HIGHLIGHTS-Asia Q3 Business Sentiment Survey - by sector

SEOUL (Reuters) - Asia's top companies were less upbeat about their business outlook in the third quarter of 2013 as concerns about the global economy and rising costs dampened sentiment, the latest Thomson Reuters/INSEAD Asia Business Sentiment Survey published on Wednesday showed.

Global uncertainty on when the U.S. Federal Reserve will taper its $85 billion bond buying program and geopolitical tensions in Syria have spooked markets, dealing a slight to business sentiment.

The Thomson Reuters/INSEAD Asia Business Sentiment Index fell to a reading of 66 in September from 71 in the second quarter. A reading above 50 indicates an overall positive outlook.

PROPERTY: BEST AMONG ALL SECTORS (INDEX AT 100 V 83 IN Q2)

The property and building sectors were the most bullish with readings of 100 each. All of the 10 property firms polled painted a rosy outlook, bringing the index to the full mark for the first time since the fourth quarter of 2009.

Eight respondents said new orders were higher while seven said employment levels improved. The Philippines' Ayala Land Inc was among the companies surveyed.

BUILDING: SHARP REBOUND (INDEX AT 100 VS 50 IN Q2)

The confidence level for builders made a sharp rebound, making the steepest gain among all sectors. While all three respondents projected a bright outlook, they said employment levels remained the same as risks loomed about higher costs. Construction materials maker James Hardie Industries was one of the respondents.

FOOD: GOING STEADY (INDEX UNCHANGED AT 75)

Food and beverage companies remained upbeat about their projections, although currency volatility and rising costs remained worries. Five companies had a positive outlook, while an equal number of firms expressed neutral views.

Seven reported an increase in orders while three said they remained the same. Japan's Asahi Breweries and the Philippines' Universal Robina were among the participants.

RESOURCES: BOUNCING BACK FROM DIP (INDEX AT 72 VS 66 IN Q2)

The reading among resources companies bounced back from the second quarter, with four firms predicting a better outlook and five holding a neutral view. Six respondents said orders remained steady, while the other three said orders went up. Thailand's Banpu PCL was among those polled.

AUTOS: RECOVERY PATH (INDEX AT 63 VS 56 IN Q2)

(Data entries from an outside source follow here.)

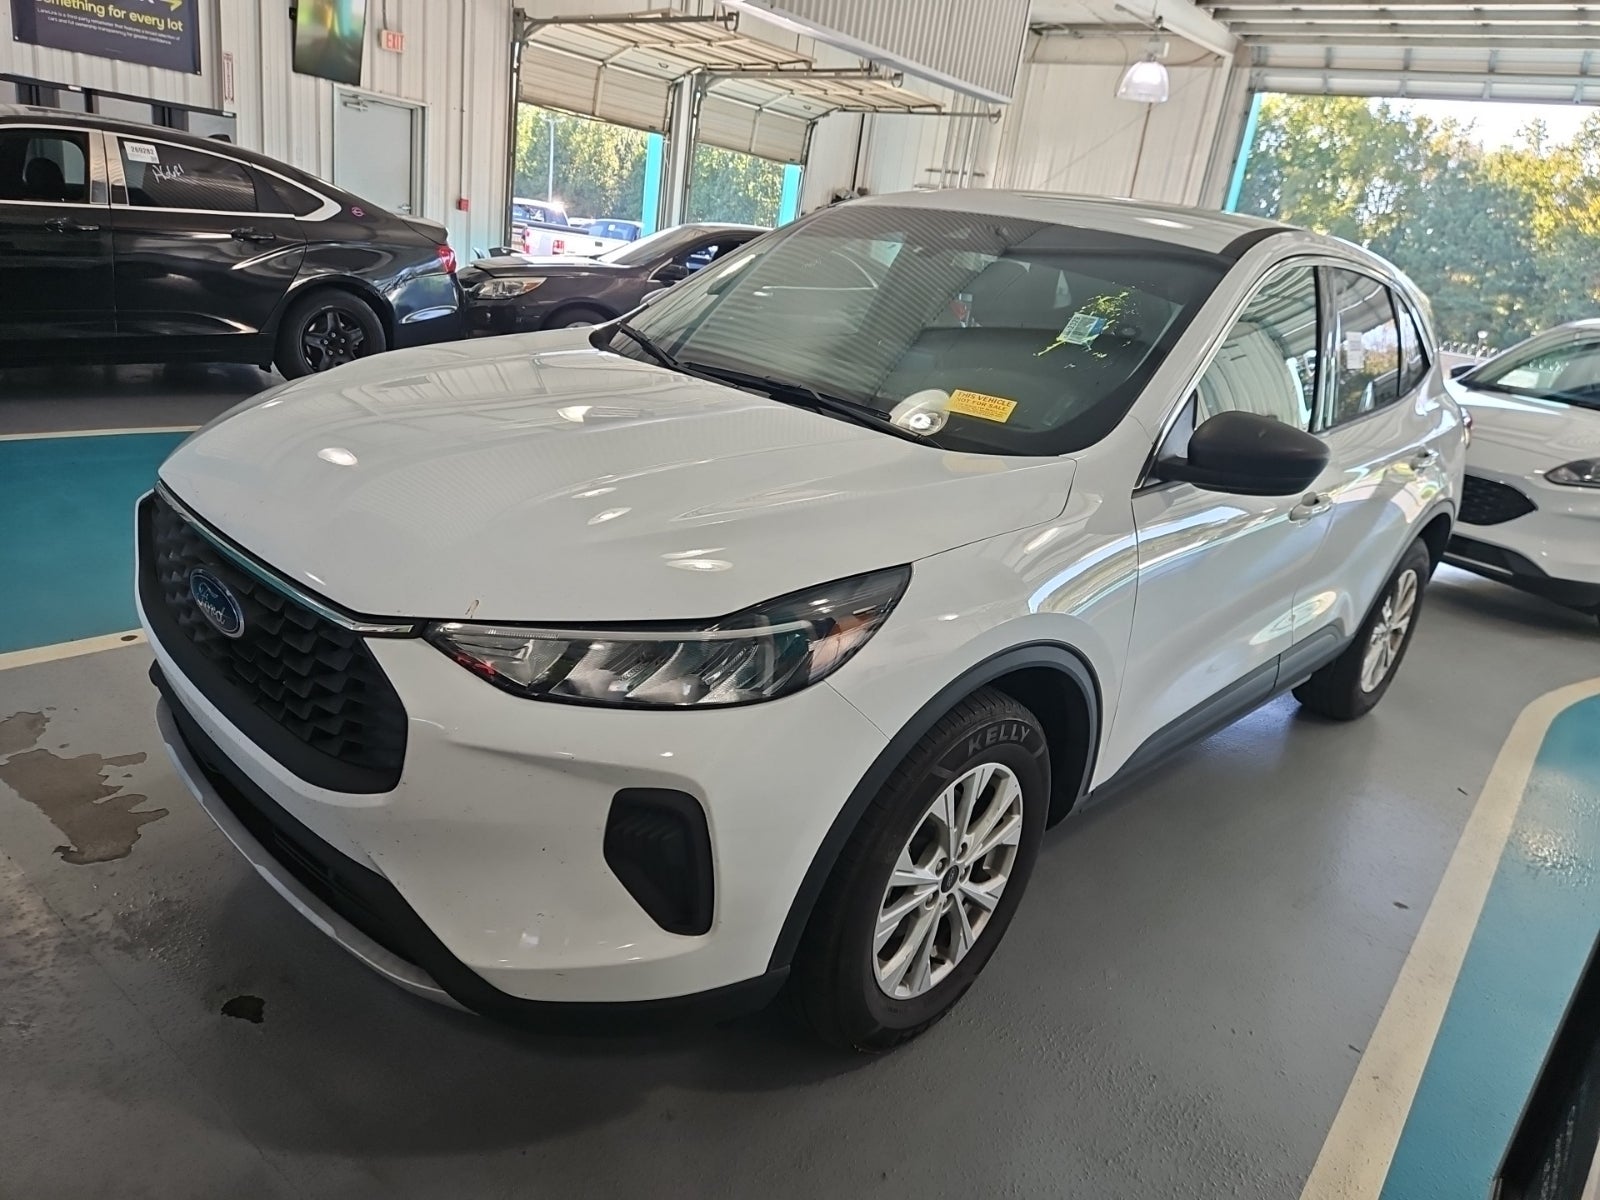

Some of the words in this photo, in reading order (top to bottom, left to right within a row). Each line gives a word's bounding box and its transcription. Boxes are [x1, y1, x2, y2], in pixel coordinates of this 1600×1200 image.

[36, 0, 105, 17] mething
[108, 4, 126, 19] for
[129, 12, 165, 30] every
[167, 18, 183, 32] lot
[386, 32, 404, 51] EXIT
[957, 391, 977, 400] THIS
[978, 395, 1013, 407] VEHICLE
[989, 403, 1007, 411] SALE
[195, 582, 228, 625] Ford
[967, 723, 1030, 757] KELLY

The index for automakers in Asia improved for a second consecutive quarter, although global economic uncertainty remained a major risk. Two respondents were optimistic about their outlook, while the other two were neutral or negative.

TECH: OPTIMISM WEAKENS (INDEX AT 62 VS 75 IN Q2)

Fewer technology firms had an upbeat outlook in the third quarter, pulling down the index. Three companies had a positive outlook in the third quarter, while eight had an upbeat view in the second quarter.

Three firms cut employment levels, while the other 10 maintained or lifted the current headcount. Japan's Toshiba and NTT DoCoMo were among those who joined the survey.

DRUGS: REMAIN AT OVER 2-YEAR-LOW (INDEX UNCHANGED AT 60)

Currency volatility and global economic uncertainty hampered the recovery of the confidence for drug makers, which remained at its lowest level since the first quarter of 2011.

Four respondents were neutral on their outlook, while one was positive. The participants include India's Lupin Ltd and Japan's Daiichi Sankyo Co Ltd.

RETAIL: COOLING (INDEX AT 57 VS 69 IN Q2)

The mood among retailers deteriorated from the preceding quarter, as six out of seven polled were neutral on their forecasts and only one was bullish.

Rising costs were the biggest concern for the respondents, which included Japan's Seven & I Holdings and Fast Retailing.

FINANCIALS: BIG DECLINE (INDEX AT 50 VS 78 IN Q2)

The financial sector, along with the shipping industry, was the most negative with its business confidence dropping to its lowest level in three quarters.

All of the 21 respondents were neutral about their outlook, although most of them said sales had remained steady or increased. Alliance Financial Group took part in the survey, among others.

SHIPPING: LOSING STEAM (INDEX AT 50 VS 80 IN Q2)

The sentiment in the shipping-related sector suffered the biggest fall as concerns about global economic uncertainty weighed on Hyundai Heavy Industries and other companies. All eight respondents held a neutral outlook despite orders rising or remaining steady.